San Juan County, Utah v. U.S.

CourtUnited States Courts of Appeals. United States Court of Appeals (10th Circuit)
Citation503 F.3d 1163
Docket NumberNo. 04-4260.,04-4260.
PartiesSAN JUAN COUNTY, UTAH, a Utah political subdivision, Plaintiff-Appellee, v. UNITED STATES of America; Department of Interior; National Park Service, Defendants-Appellees, Alaska Wilderness League, California Wilderness Coalition, California Environmental Coalition, Colorado Mountain Club, Greater Yellowstone Coalition, National Parks Conservation Association, National Wildlife Refuge Association, New Mexico Wilderness Alliance, San Juan Citizens Alliance, Sierra Club, Southeast Alaska Conservation Council, Wyoming Outdoor Council; State of Utah; Mountain States Legal Foundation; Civil Procedure and Public Lands Law Professors; States of New Mexico, California and Oklahoma; Property Owners for Sensible Roads Policy, Amici Curiae, Southern Utah Wilderness, Alliance, a Utah non-profit corporation; Grand Canyon Trust; The Wilderness Society, Movants-Appellants.
Decision Date02 October 2007

James S. Angell, Earthjustice, Denver, CO (Edward B. Zukoski, Eric G. Biber, Earthjustice, with him on the briefs for Movants-Appellants, and Heidi J. McIntosh, Stephen H.M. Bloch, Southern Utah Wilderness Alliance, Salt Lake City, with him on the briefs for Appellant Southern Utah Wilderness Alliance).

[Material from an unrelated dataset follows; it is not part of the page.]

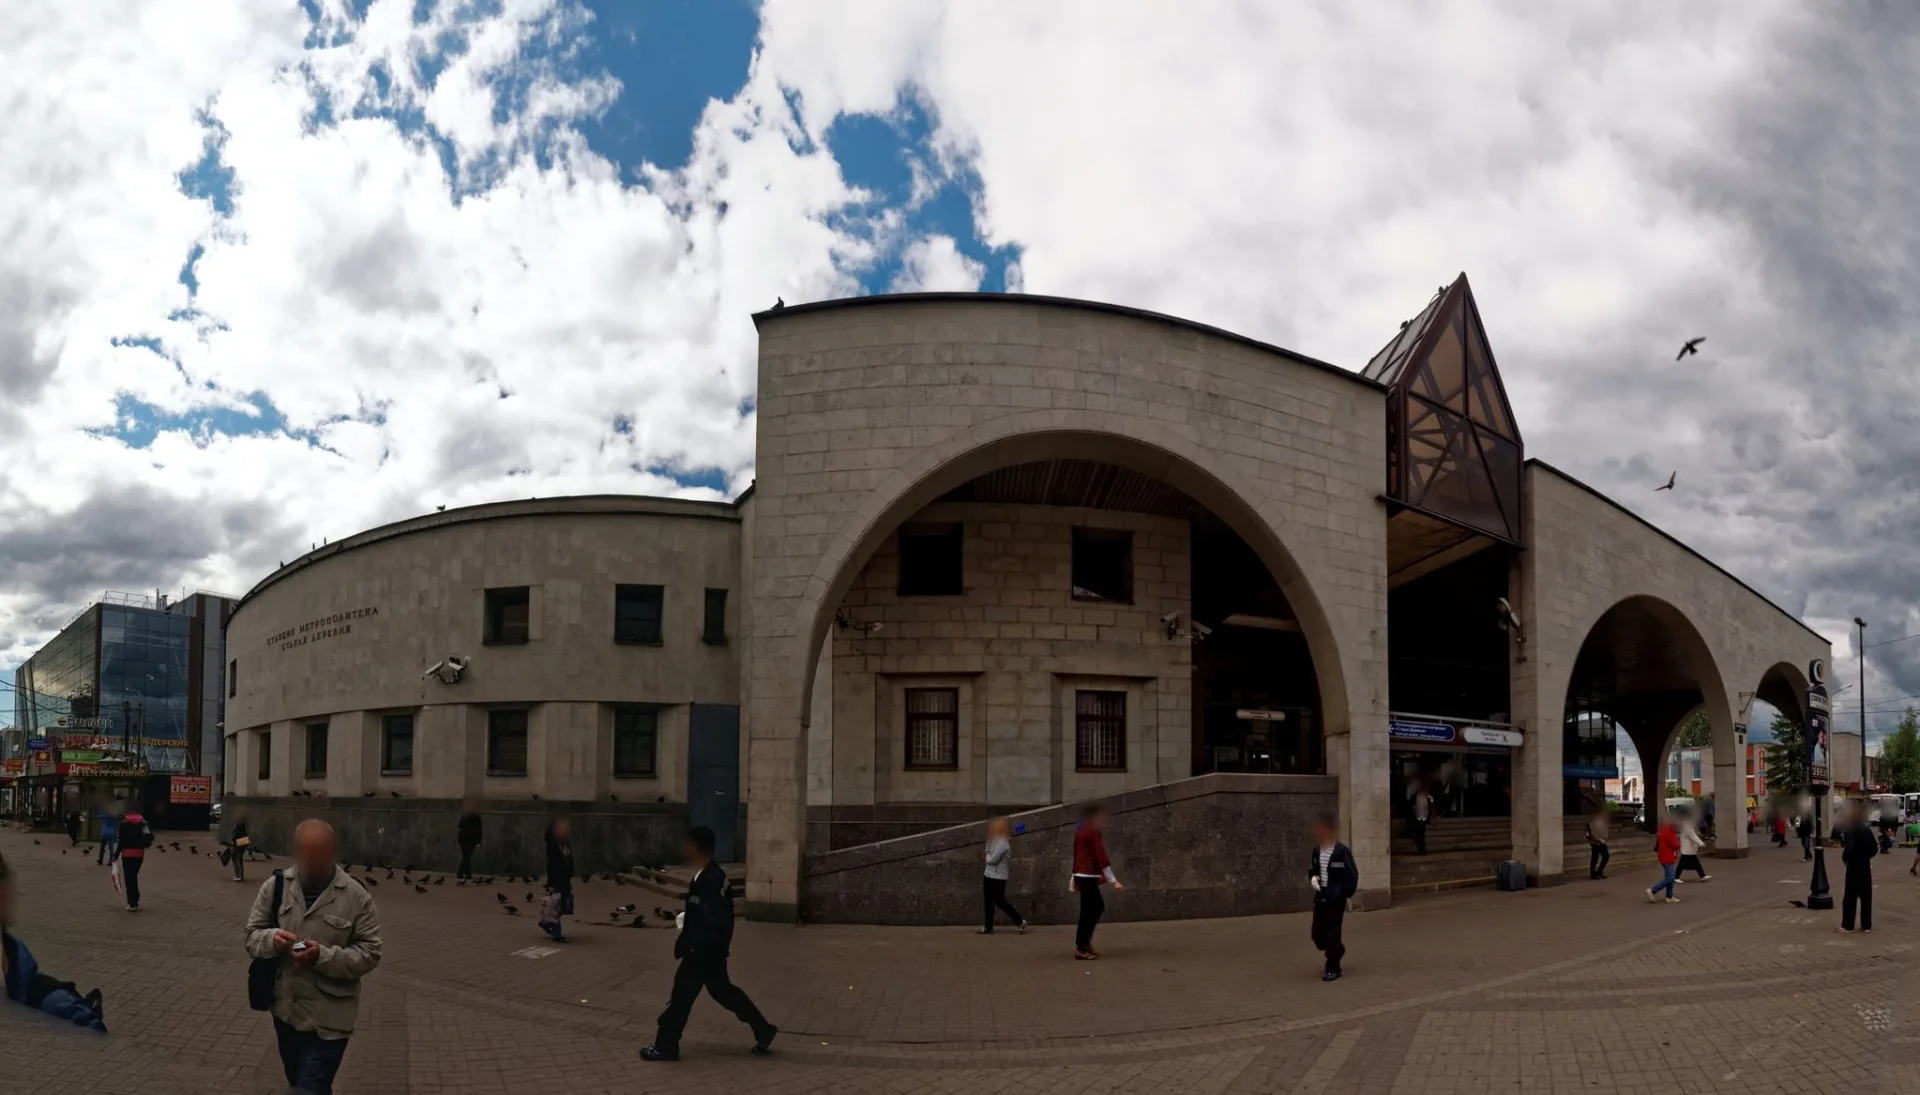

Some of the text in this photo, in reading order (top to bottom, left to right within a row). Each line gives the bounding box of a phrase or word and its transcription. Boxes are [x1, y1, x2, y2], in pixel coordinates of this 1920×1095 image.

[267, 606, 379, 646] СТАНЦИЯ МЕТРОПОЛИТЕНА
[281, 624, 351, 652] СТАРАЯ ДЕРЕВНЯ

Aaron P. Avila, Attorney, Environment & Natural Resources Division, United States Department of Justice, Washington, DC, for Defendants-Appellees, and Shawn T. Welch, Pruitt Gushee, P.C., Salt Lake City, UT, for Plaintiff-Appellee (Sue Ellen Wooldridge, Assistant Attorney General, Paul M. Warner, United States Attorney, Carlie Christensen, Assistant United States Attorney, Bruce D. Bernard and John L. Smeltzer, Attorneys, Environment & Natural Resources Division, United States Department of Justice, Washington, DC, and G. Kevin Jones, Attorney/Advisor, Office of the Solicitor, Department of the Interior, Salt Lake City, UT, with Aaron P. Avila on the briefs for Defendants-Appellees, and A. John Davis, Pruitt Gushee, P.C., with Shawn T. Welch on the briefs for Appellee San Juan County, Utah).

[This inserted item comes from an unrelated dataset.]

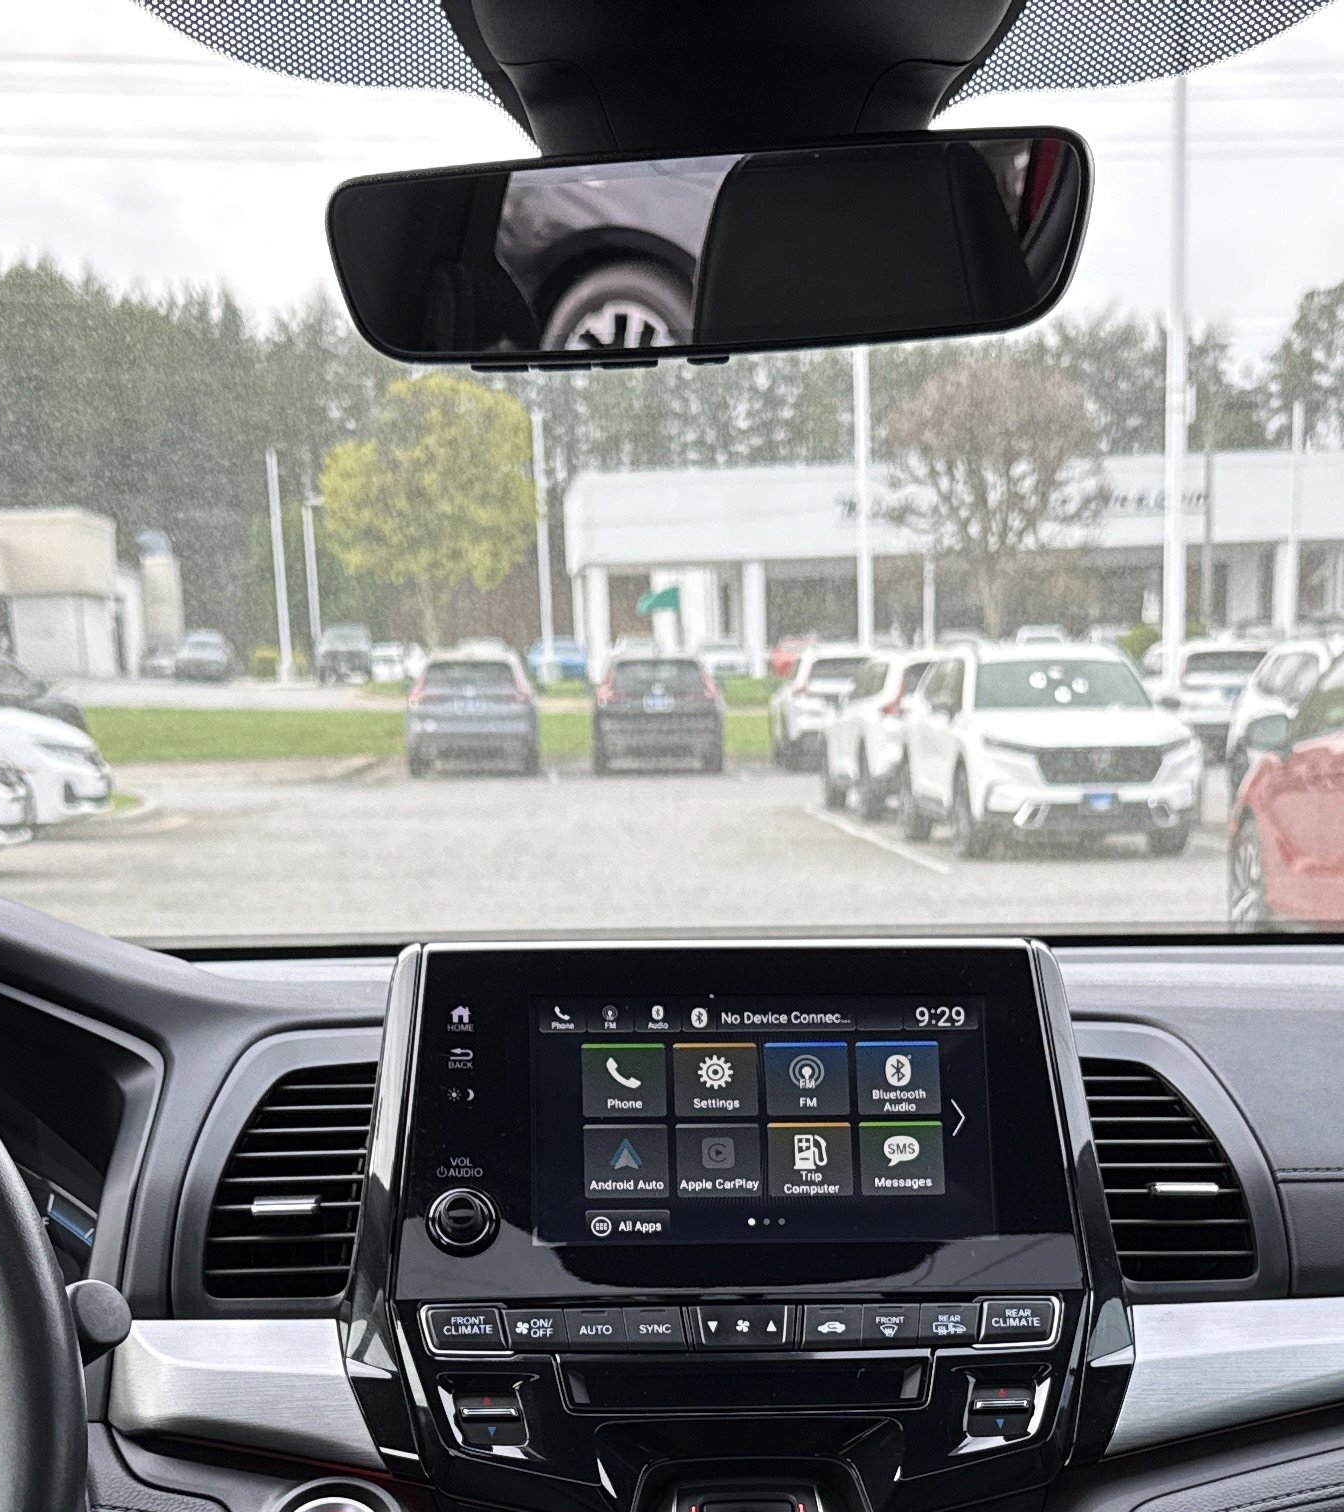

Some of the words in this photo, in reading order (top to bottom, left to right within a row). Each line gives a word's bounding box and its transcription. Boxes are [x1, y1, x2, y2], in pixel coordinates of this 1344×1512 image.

Jayme Ritchie and William Perry Pendley, Mountain States Legal Foundation, Lakewood, CO, filed an amicus curiae brief for Plaintiff-Appellee.

Patrick J. Crank, Wyoming Attorney General, Cheyenne, Wyoming, and Mark L. Shurtleff, Utah Attorney General, Salt Lake City, UT (J. Mark Ward, Edward O. Ogilvie, Jaysen R. Oldroyd, Assistant Attorneys General, and Ralph L. Finlayson, Special Assistant Attorney General, Salt Lake City, UT, with him on the brief) filed an amicus curiae brief for Plaintiff-Appellee and Defendants-Appellees.

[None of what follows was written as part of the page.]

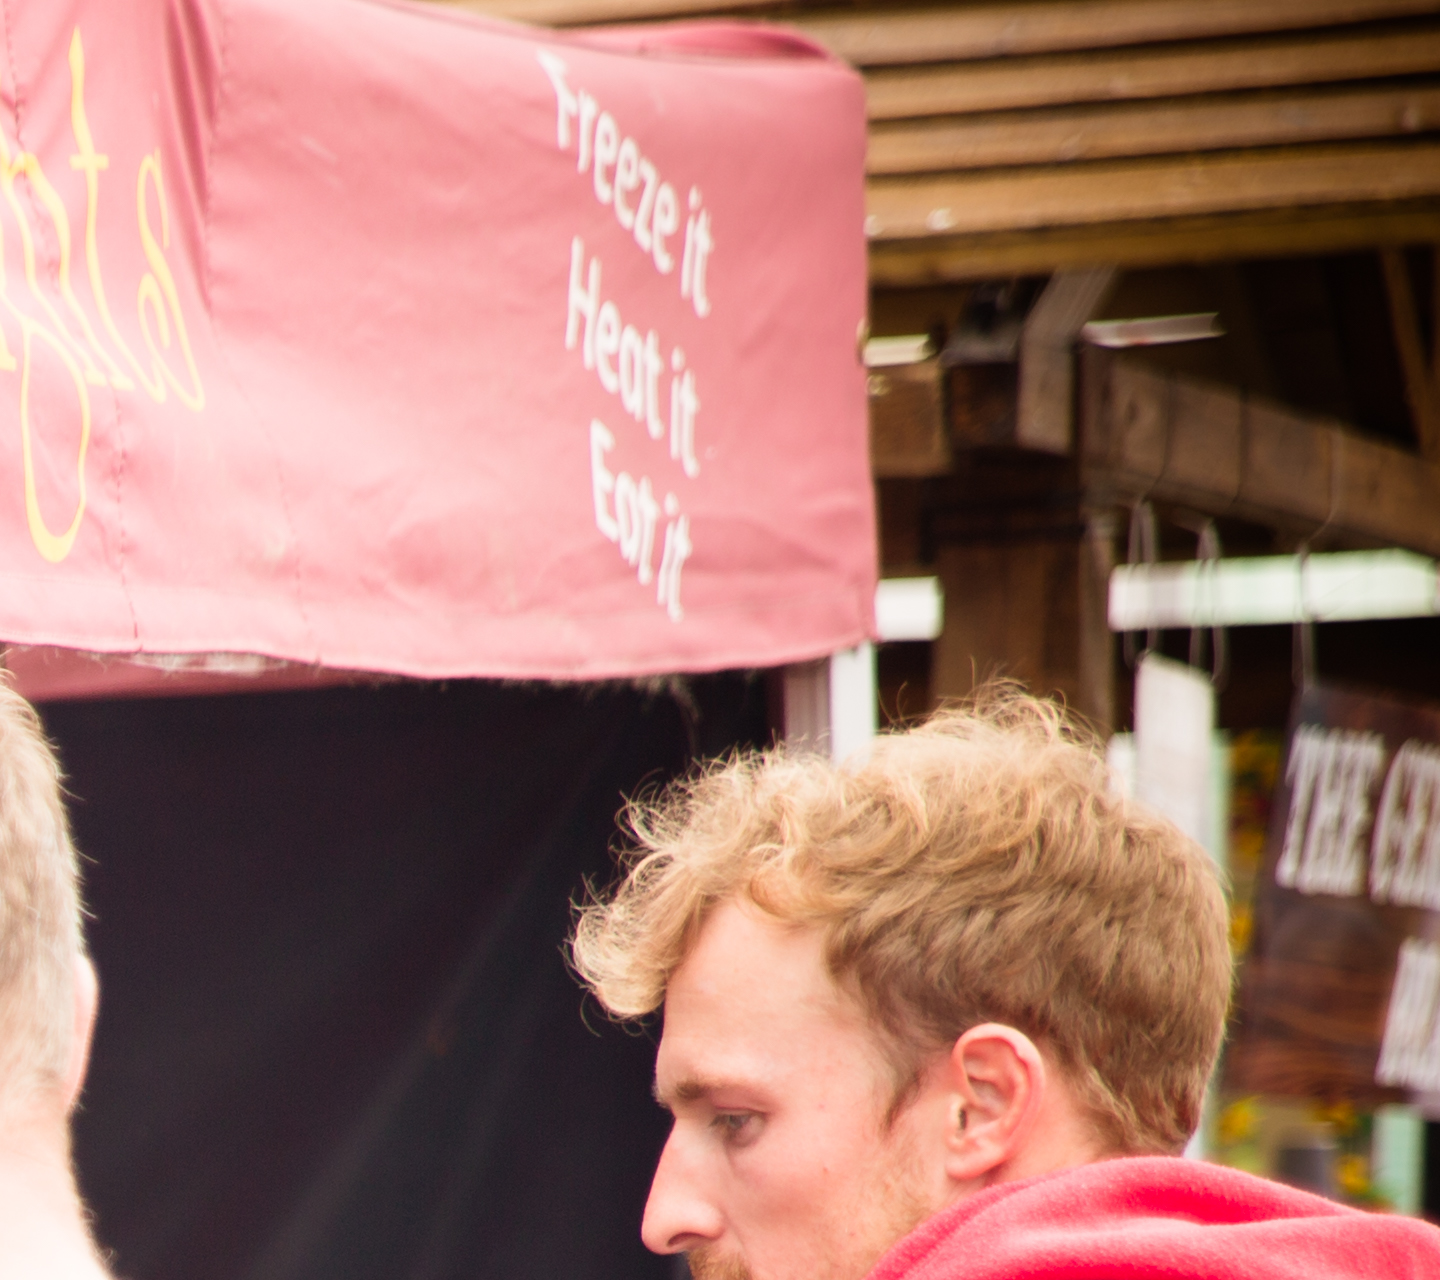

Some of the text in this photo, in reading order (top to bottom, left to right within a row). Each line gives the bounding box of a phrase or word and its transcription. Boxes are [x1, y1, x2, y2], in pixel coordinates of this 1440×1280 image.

[537, 46, 716, 318] Freeze it
[565, 235, 701, 478] Heat it
[590, 417, 693, 622] Eat it

Sarah Krakoff, Associate Professor, University of Colorado Law School, Boulder, CO, on behalf of Civil Procedure and Public Lands Law Professors; Michael S. Freeman, Faegre & Benson LLP, Denver, CO, on behalf of Property Owners for Sensible Roads Policy; and Louis R. Cohen, James R. Wrathall, Brian M. Boynton, Theodore C. Liazos, Wilmer, Cutler, Pickering, Hale and Dorr LLP, Washington, DC filed an amicus curiae brief for Movants-Appellants.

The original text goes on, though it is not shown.